Wooden garage doors that match the trimming of your home are a wonderful way to make your garage look like an addition to your home instead of a distraction from it.
Before you head out to purchase a new set of wooden doors for your garage however you may want to consider the following facts.
You need to consider what type of weather conditions you experience on a year round basis as you want garage doors that can withstand everything that is thrown at them and certain weather conditions are not the best for wood garage doors.
High winds for example are a threat to wooden garage doors and especially if you have a double garage with one garage door affixed, since there is not enough support.
Any area that often sees tornados and hurricane winds is not a great area for wooden garage doors no matter how well they may compliment your house.
After all, losing a garage door and damage to items inside can get costly. Keep in mind that wooden doors also usually cost more than their counterparts and in fact, can cost up to ten times more, so if the thought of losing your investment is a concern it may be best to hold back.
Additionally, if you love an area that experience very harsh cold winters you may want to stay away from wooden doors as well.
Although wood is a natural insulator, wood garage doors are typically not very thick so if your home is attached to your garage you may notice that your heating bill is higher if you choose wood garage doors over insulated metal or fiberglass.

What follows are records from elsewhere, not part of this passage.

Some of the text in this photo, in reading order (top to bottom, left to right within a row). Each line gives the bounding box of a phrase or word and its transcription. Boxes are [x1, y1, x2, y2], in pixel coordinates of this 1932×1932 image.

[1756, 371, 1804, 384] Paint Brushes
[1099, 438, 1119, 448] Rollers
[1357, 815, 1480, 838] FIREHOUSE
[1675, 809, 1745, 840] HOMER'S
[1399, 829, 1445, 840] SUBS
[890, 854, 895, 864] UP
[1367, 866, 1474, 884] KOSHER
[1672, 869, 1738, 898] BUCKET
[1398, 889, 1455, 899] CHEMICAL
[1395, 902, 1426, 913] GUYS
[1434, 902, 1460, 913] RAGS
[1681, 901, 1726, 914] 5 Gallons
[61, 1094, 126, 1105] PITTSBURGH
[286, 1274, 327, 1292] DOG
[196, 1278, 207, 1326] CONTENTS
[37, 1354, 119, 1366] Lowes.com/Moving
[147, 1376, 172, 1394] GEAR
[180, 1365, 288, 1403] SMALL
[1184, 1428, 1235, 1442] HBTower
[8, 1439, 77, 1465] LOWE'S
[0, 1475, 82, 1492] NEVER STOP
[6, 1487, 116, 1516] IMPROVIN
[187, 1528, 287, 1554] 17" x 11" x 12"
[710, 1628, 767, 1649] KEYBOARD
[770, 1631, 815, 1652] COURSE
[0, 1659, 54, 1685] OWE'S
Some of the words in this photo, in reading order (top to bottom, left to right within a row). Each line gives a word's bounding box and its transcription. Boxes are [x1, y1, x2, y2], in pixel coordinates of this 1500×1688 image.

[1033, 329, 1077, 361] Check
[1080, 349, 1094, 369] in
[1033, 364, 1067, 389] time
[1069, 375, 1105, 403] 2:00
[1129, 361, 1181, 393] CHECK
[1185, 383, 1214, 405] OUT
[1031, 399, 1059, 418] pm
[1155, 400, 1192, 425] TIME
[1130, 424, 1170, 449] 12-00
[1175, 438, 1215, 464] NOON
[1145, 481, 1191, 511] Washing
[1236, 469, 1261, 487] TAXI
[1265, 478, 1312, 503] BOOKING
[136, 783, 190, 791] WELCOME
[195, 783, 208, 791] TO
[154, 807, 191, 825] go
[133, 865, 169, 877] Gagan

On the flip side, if you live in an area that experiences very high temperatures and high humidity you may want to think twice as well as wood rots and so can your wood garage doors.
With regular staining or painting however you can help reduce this threat. Also, different types of wood rot at different rates so depending on the type of wood garage doors you use; this may not be as threatening.
Oak tends to be stronger, but in turn is more expensive. Common woods such as redwood, hemlock, and cedar are the best choice as they are more resistant to rotting and mildew.